It can be a vicious cycle: you’re stressed at work, and you carry those anxious thoughts to bed with you, awaking at 3 am and lying awake for an hour or more. So tomorrow you’re sleep-deprived, and not able to think as quickly on your feet, leading to more stress at work, less sleep at home, and so on. And with all your tossing and turning, your mate is ready to move to a different bedroom.
Or as a menopausal woman, you have those cycles of hot/cold/hot/cold during the night, awakening each time. Or you’ve put on weight as you’ve gotten older, and your sleep partner says your snoring is robbing his/her sleep. Or, none of the above is true for you – it’s one of the kids who keeps waking up (and therefore waking you up.) The result? You’re sleep deprived.

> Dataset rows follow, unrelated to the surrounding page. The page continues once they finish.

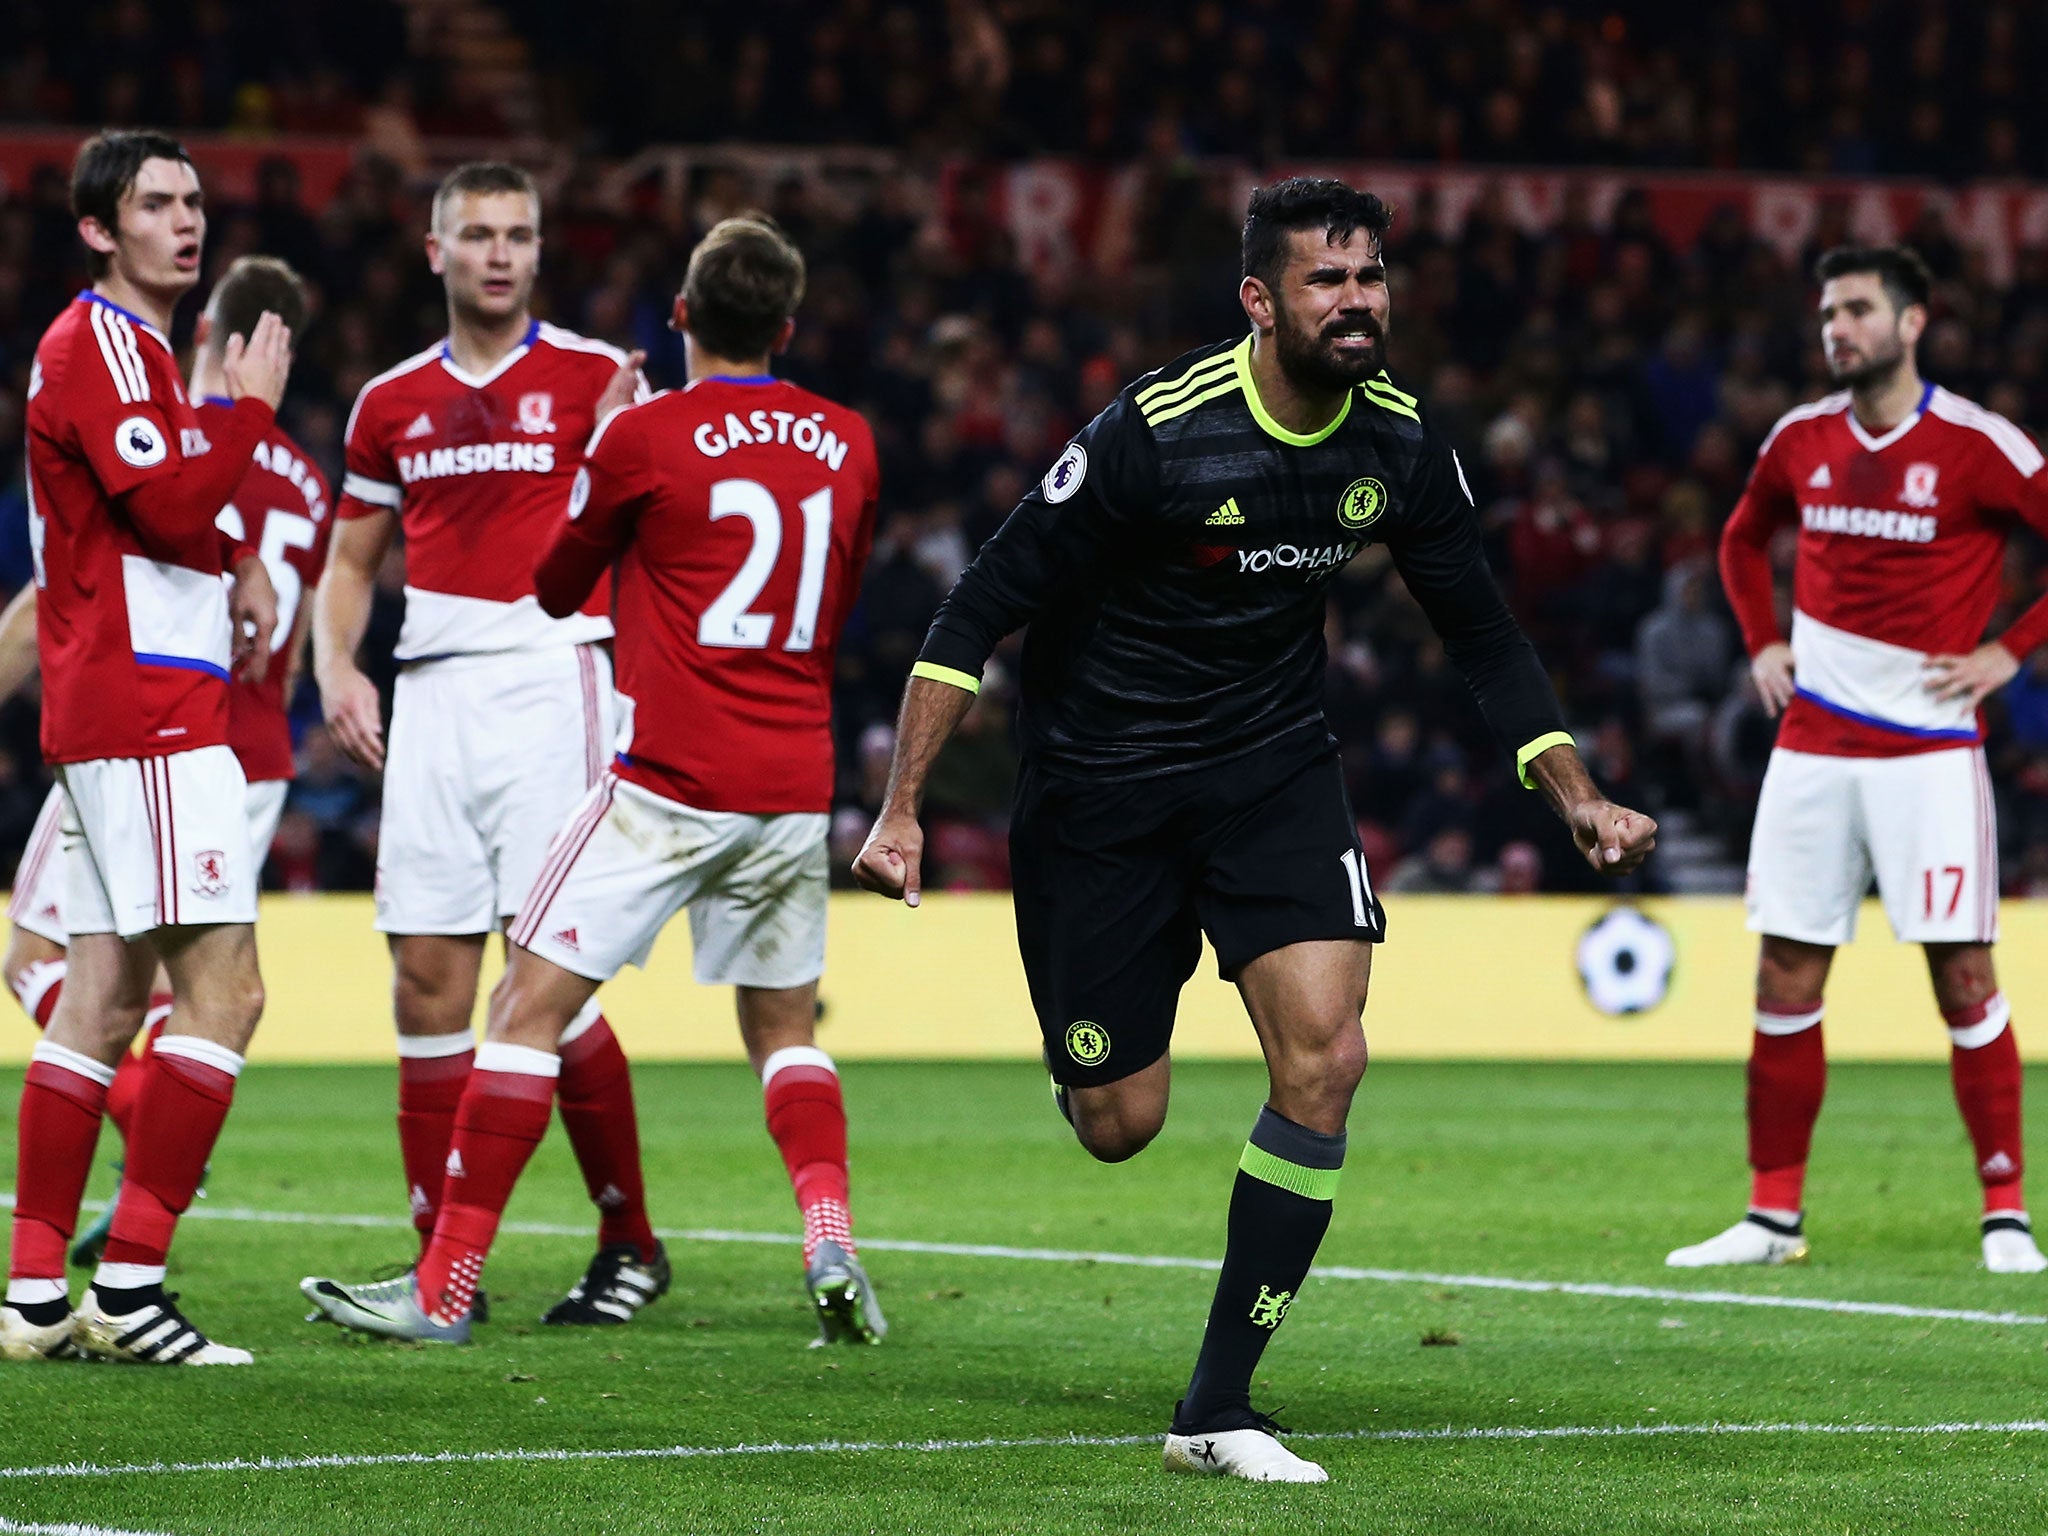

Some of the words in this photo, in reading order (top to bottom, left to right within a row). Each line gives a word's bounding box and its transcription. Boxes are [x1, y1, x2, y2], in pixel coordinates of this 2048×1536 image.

[693, 410, 848, 471] GASTÓN
[1205, 514, 1246, 526] adidas
[697, 477, 833, 652] 21
[1238, 541, 1358, 573] YOOHAM
[1924, 866, 1964, 919] 17

One sleep aid that doctors and clinicians are now lending more credence to is the theory that having a “sleep buddy” can help you sleep more soundly. Just having someone in the bed with you can help you relax and fall asleep faster, and hopefully – stay asleep.

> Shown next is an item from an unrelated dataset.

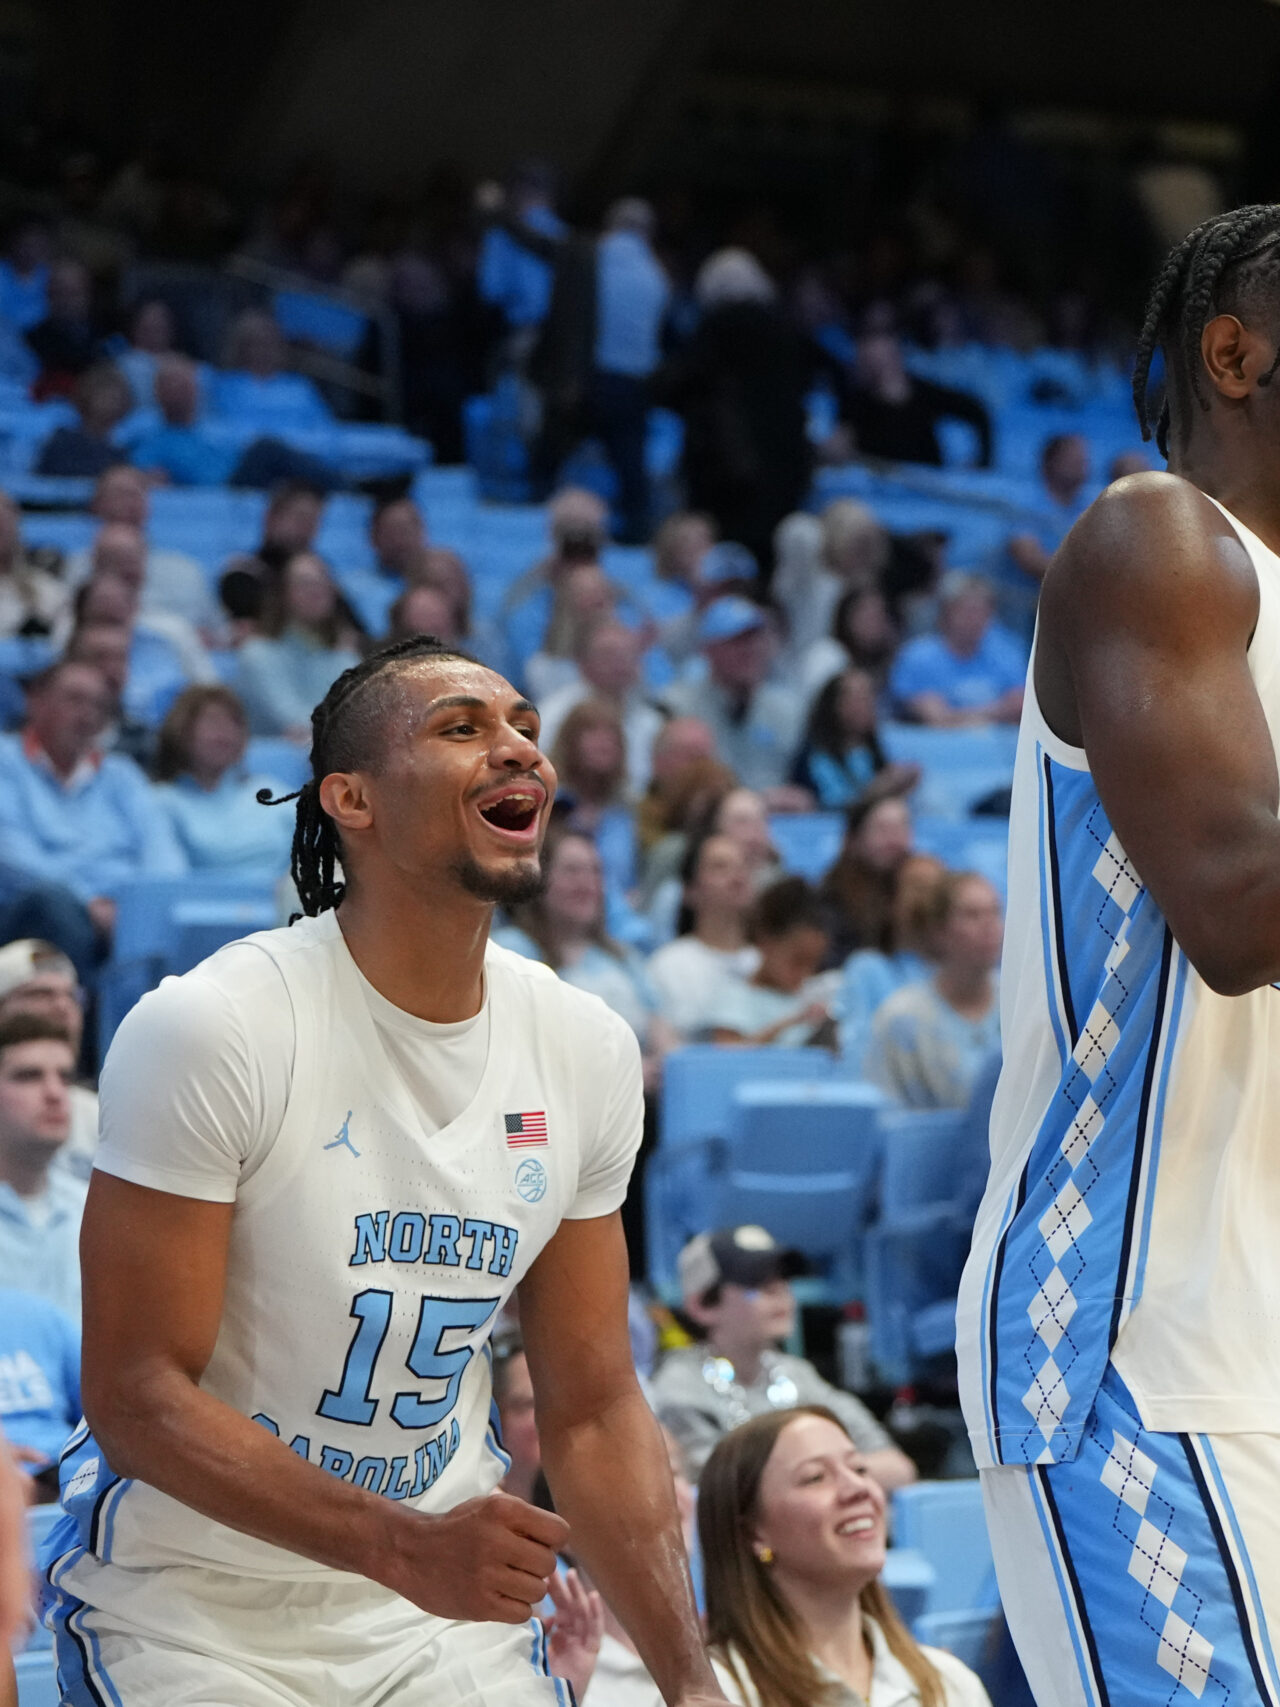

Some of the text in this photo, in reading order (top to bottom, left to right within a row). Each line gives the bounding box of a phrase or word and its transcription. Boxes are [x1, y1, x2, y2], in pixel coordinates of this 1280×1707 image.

[348, 1210, 519, 1277] NORTH
[315, 1288, 501, 1430] 15
[251, 1412, 461, 1501] ROLINA

A recent Wall Street Journal online article interviewed Dr. Rachel Salas, assistant medical director for Johns Hopkins Center for Sleep, who says we as humans feel safer knowing someone is lying close beside us. “Humans are social creatures. We want someone nearby.”
Throughout history, sleeping together has been essential for warmth and protection. Instinctively as children we know this – a bad dream sends a child into an older sibling’s or parents’ bed.

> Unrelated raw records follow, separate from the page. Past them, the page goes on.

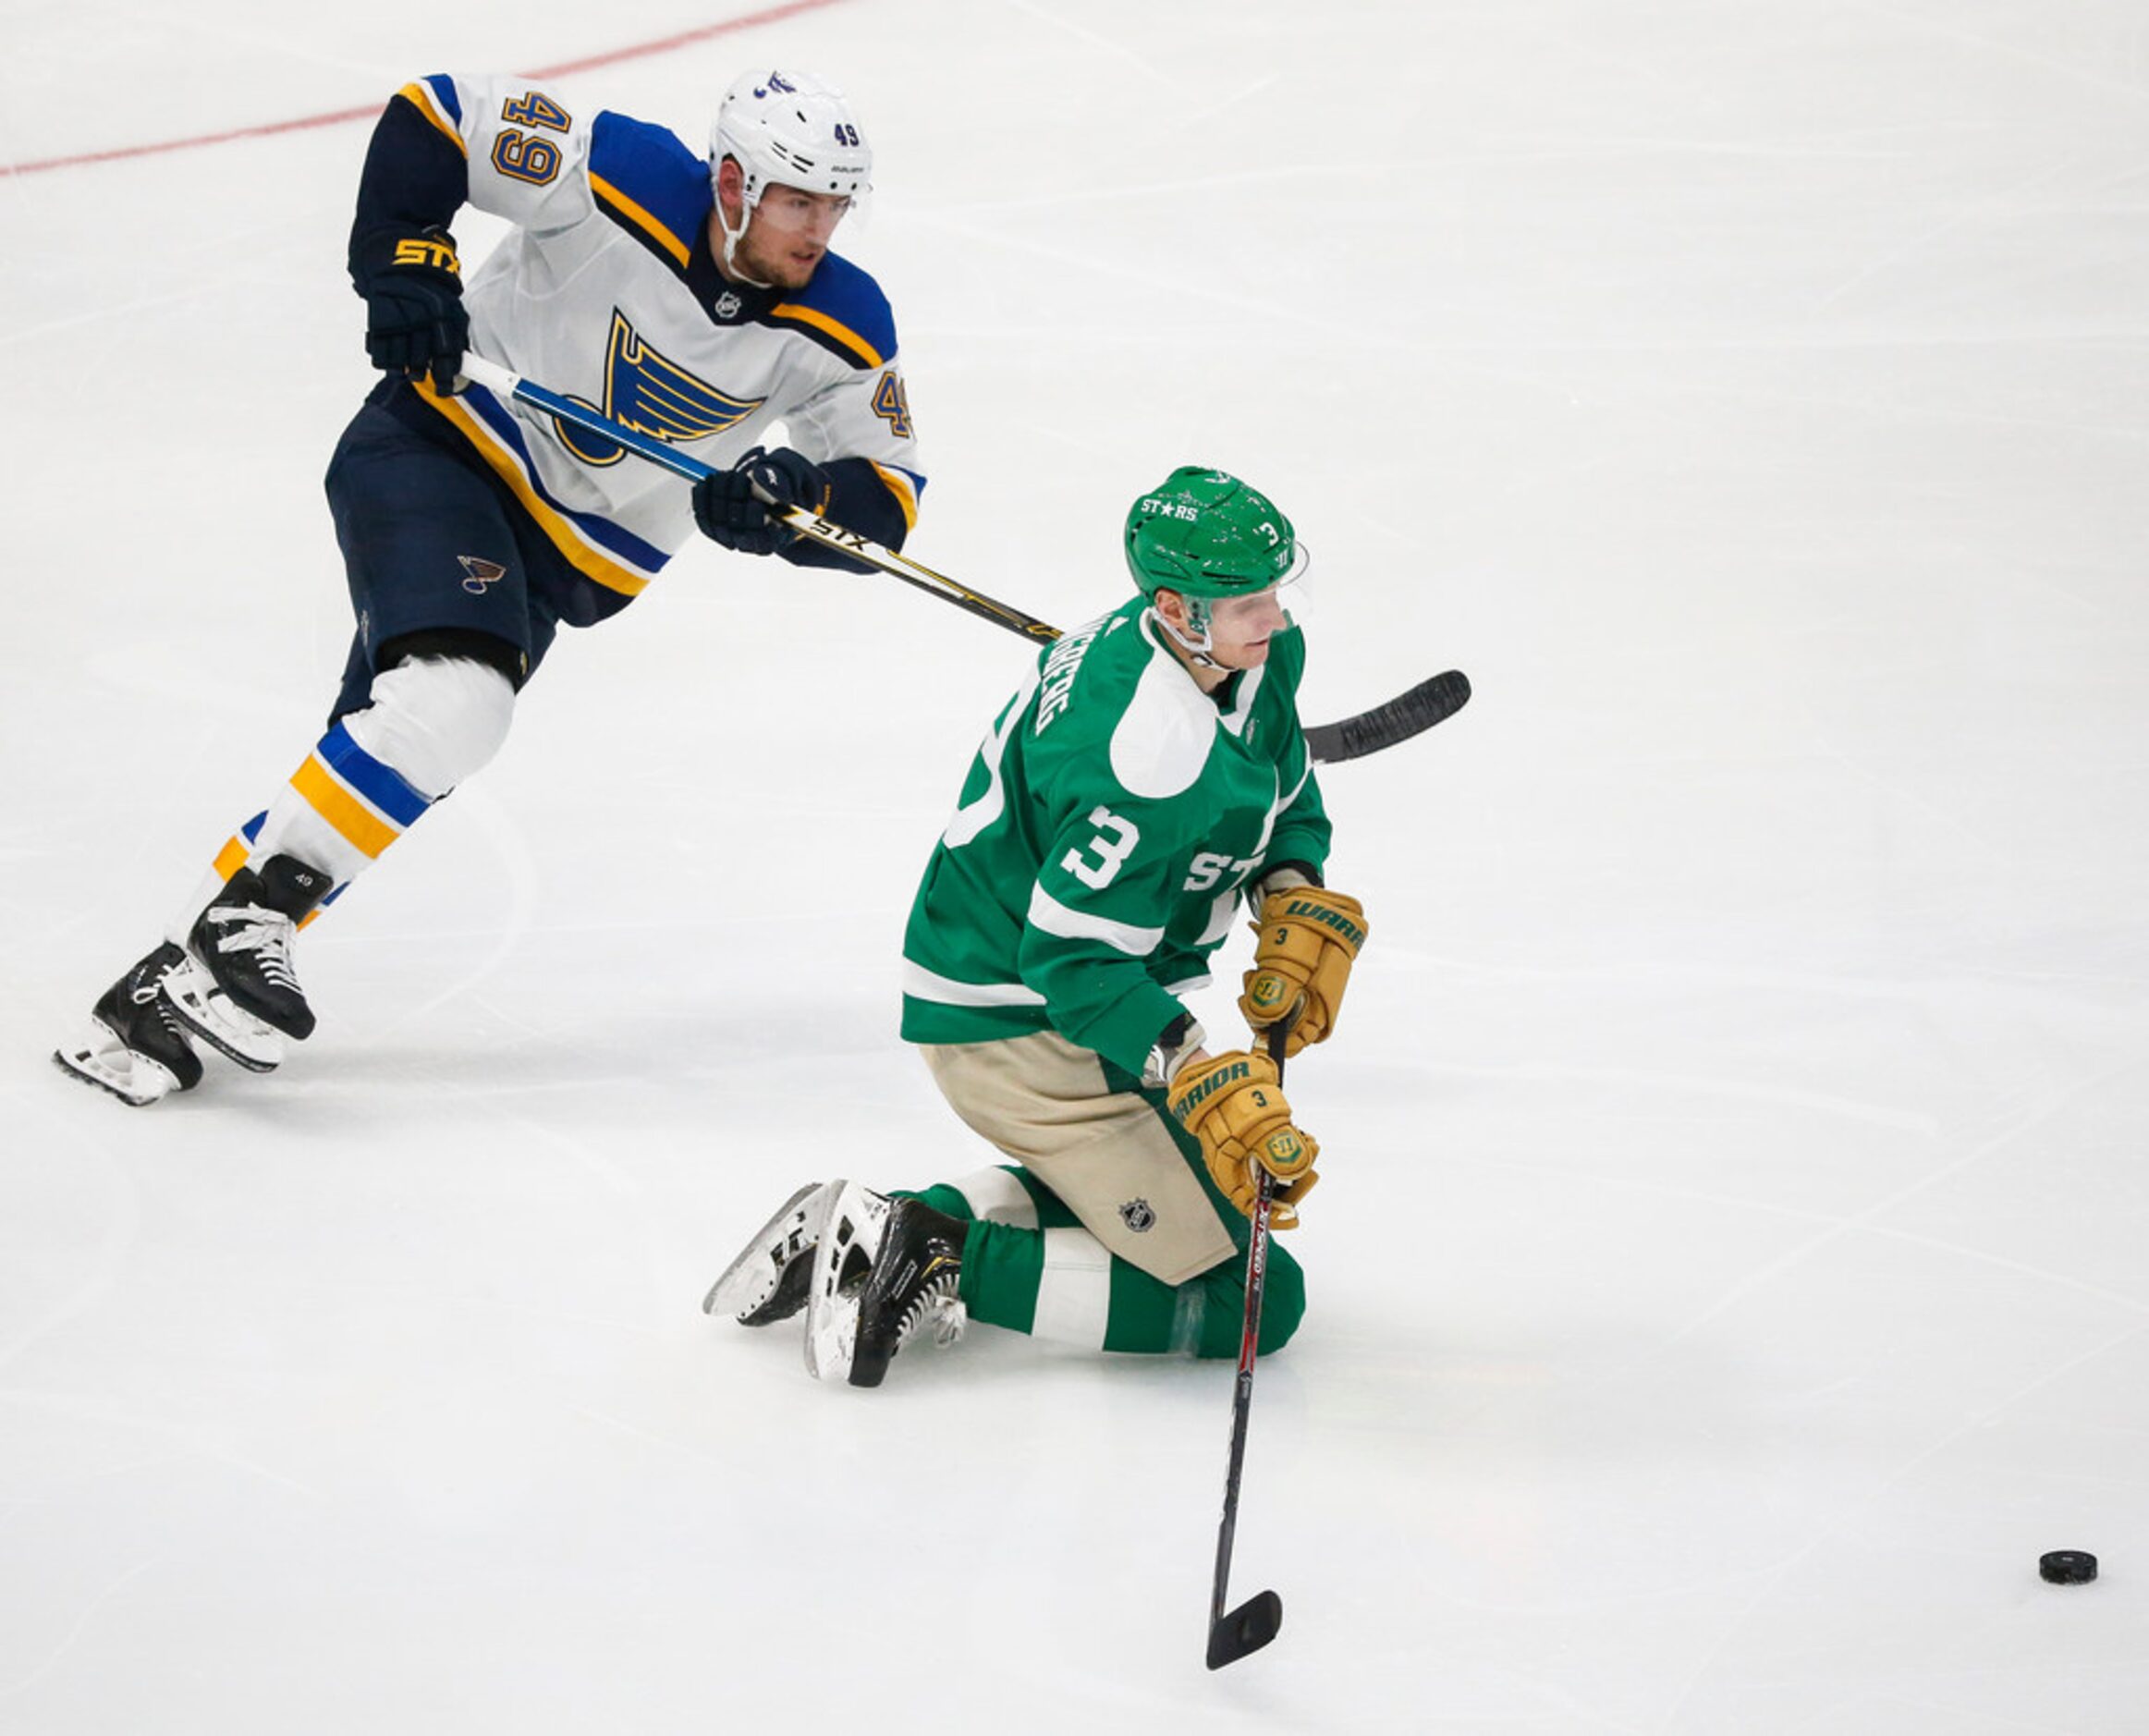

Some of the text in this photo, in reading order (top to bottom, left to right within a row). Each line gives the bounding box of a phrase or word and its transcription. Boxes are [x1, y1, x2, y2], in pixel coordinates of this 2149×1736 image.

[491, 92, 571, 187] 49
[835, 123, 860, 146] 49
[392, 238, 460, 274] STX
[871, 371, 912, 440] 4
[810, 518, 869, 552] STX
[1259, 521, 1279, 546] 3
[1060, 805, 1141, 890] 3
[295, 874, 313, 887] 49
[1275, 928, 1288, 946] 3
[1252, 1090, 1267, 1107] 3

When is it better to sleep alone? If you’re an extremely light sleeper and small noises awaken you, or when your partner is sick and contagious, or if the two of you differ widely in sleep temperatures, separate beds may be the better choice.
Conversely, sticking it out together can help one partner observe possible sleep disorders of the other, such as apnea. In short, there’s no one-size-fits-all answer: you’ll need to try out your options and decide for yourself, and then reassess them in a few months.
A “sleep buddy” doesn’t have to be your significant other. For you or your chronically awake-at-night child, it can be the family dog or cat. For your child, it may be an ongoing bedtime ritual or a favorite stuffed animal. There are other “sleep buddy” products on the market similar to a night light – all are geared to help the child feel that he or she is in a safe environment so that relaxation (and sleep!) come more easily.
Lastly, don’t overlook your mattress. If it’s old or lumpy, it could be robbing you of sleep, even though it still feels comfortable!
Your turn: has a “sleep buddy” helped or hindered your sleep?